Since the World Health Organization declared a pandemic in March of 2020, institutions of higher education have shed a net total of at least 570,000 workers, according to preliminary, seasonally adjusted figures from the U.S. Labor Department. Put another way, for every nine workers employed in academe in February 2020, at least one had lost or left that job a year later.
Mirroring trends in the larger economy, certain workers in higher education have endured a disproportionate share of the losses. Workers with limited labor protections, like those providing administrative support or working in food service, were particularly hard hit. So were employees of color, who saw outsized losses relative to their share of the overall work force. Job losses were worst in the early months of the pandemic, when higher ed shed hundreds of thousands of jobs in a relatively short period. Despite a significant increase in recent months, the net loss in jobs remains so large that it’s erased more than a decade of job gains for the sector, with higher ed’s work force now matching its size in February 2008.

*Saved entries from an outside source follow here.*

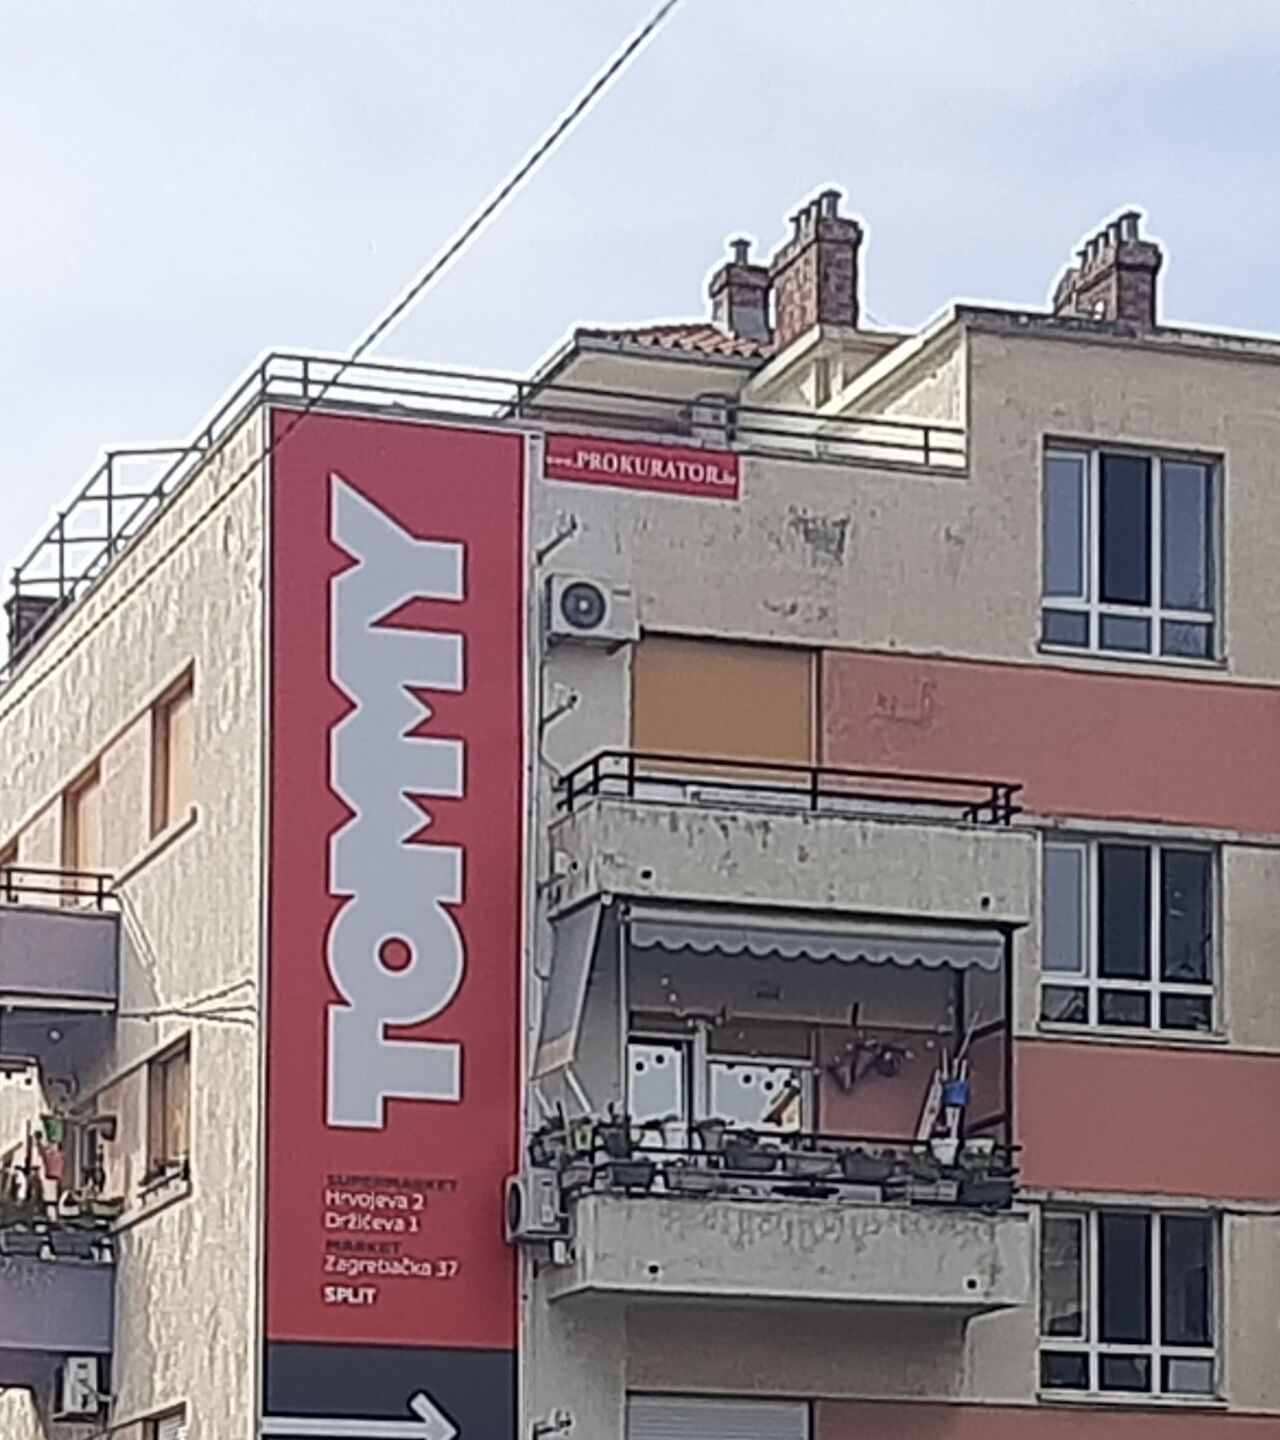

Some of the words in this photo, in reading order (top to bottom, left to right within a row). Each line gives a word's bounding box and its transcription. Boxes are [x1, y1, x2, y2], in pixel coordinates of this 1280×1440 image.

[326, 472, 466, 1129] TOMMY
[412, 1193, 425, 1210] 2
[436, 1260, 458, 1277] 37
[324, 1286, 377, 1304] SPLIT
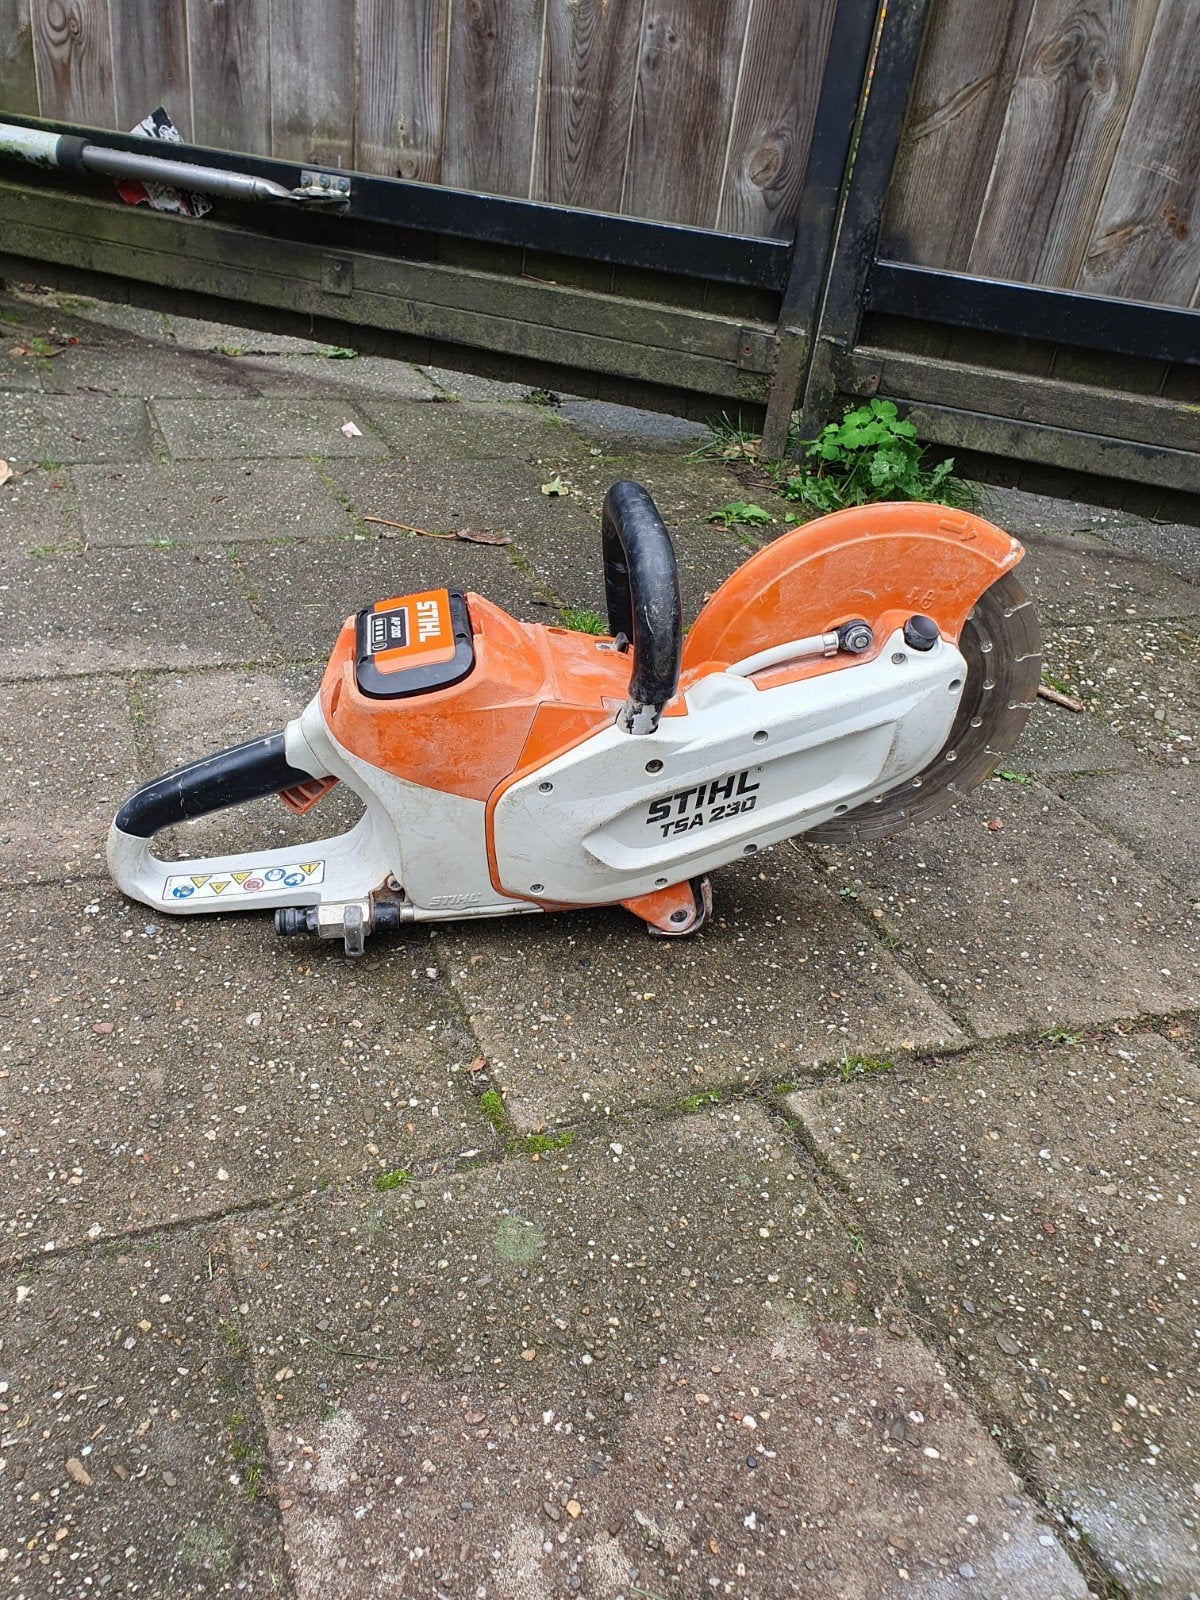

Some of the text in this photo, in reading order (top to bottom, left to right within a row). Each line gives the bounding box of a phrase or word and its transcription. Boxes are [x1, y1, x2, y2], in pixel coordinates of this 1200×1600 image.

[390, 616, 402, 639] AP 200
[416, 600, 441, 643] STIHL
[646, 771, 760, 824] STIHL
[660, 796, 757, 838] TSA 230
[428, 893, 480, 906] STIHL
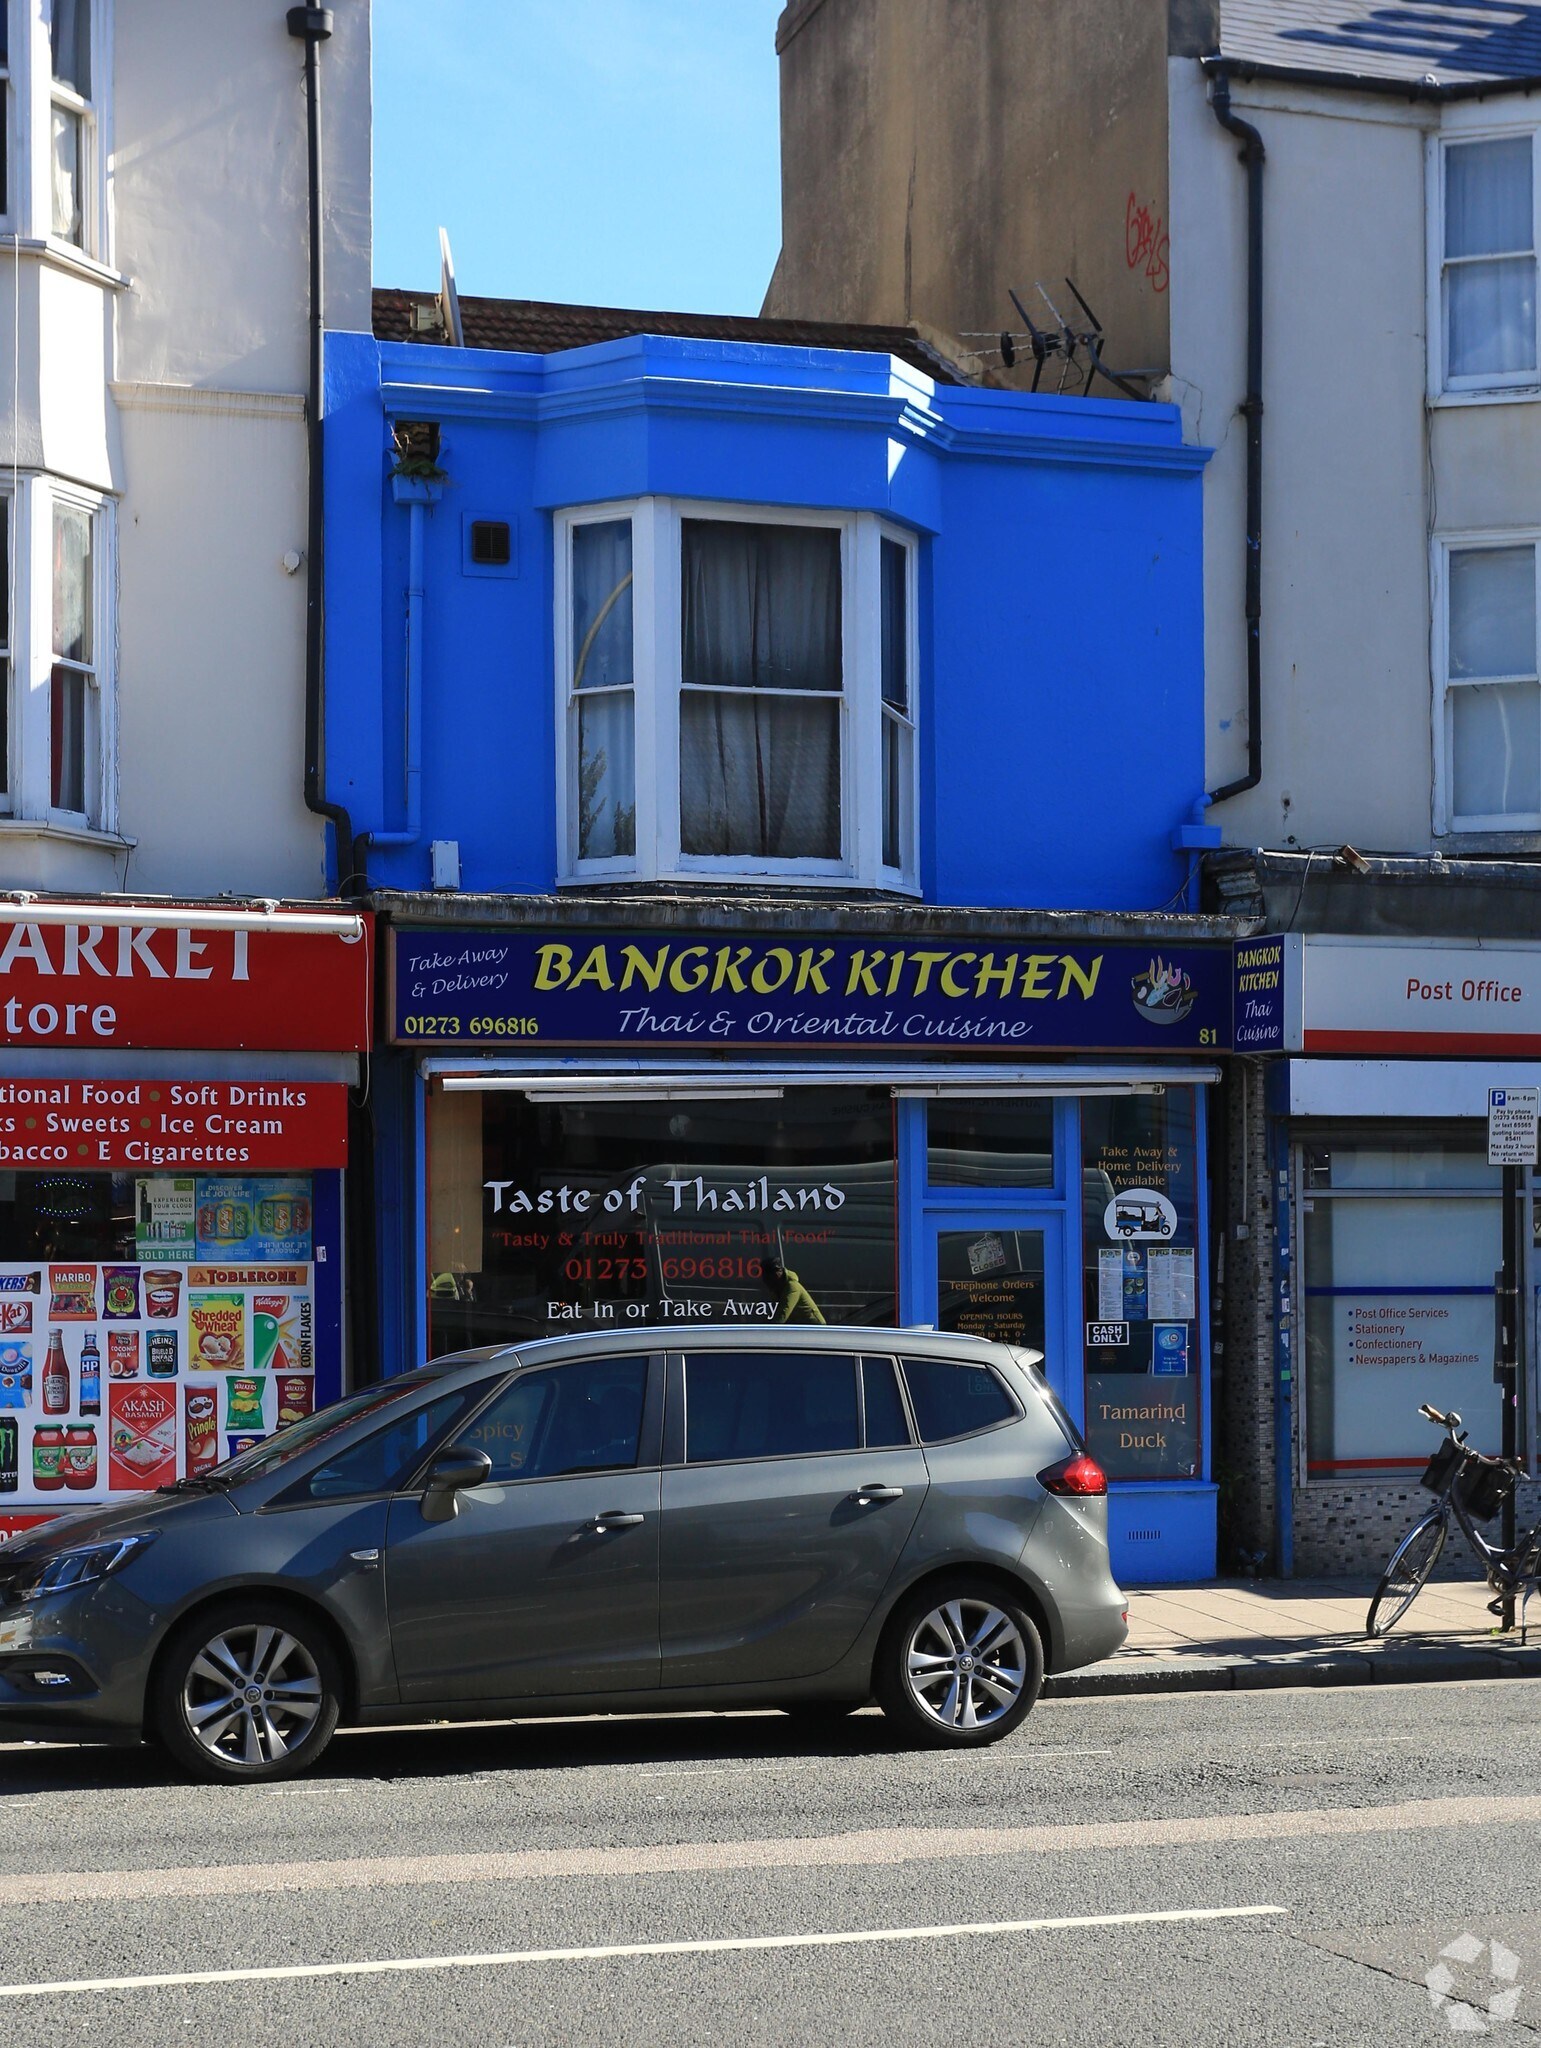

And furloughs, layoffs, and contract nonrenewals continue to make the careers of adjuncts and contingent faculty as perilous as ever. Adjunct faculty experienced the greatest decrease in size, with a nearly 5-percent reduction in work force since last year, according to the College and University Professional Association for Human Resources. Even the stability that’s traditionally associated with tenure-track and tenured jobs has been waning.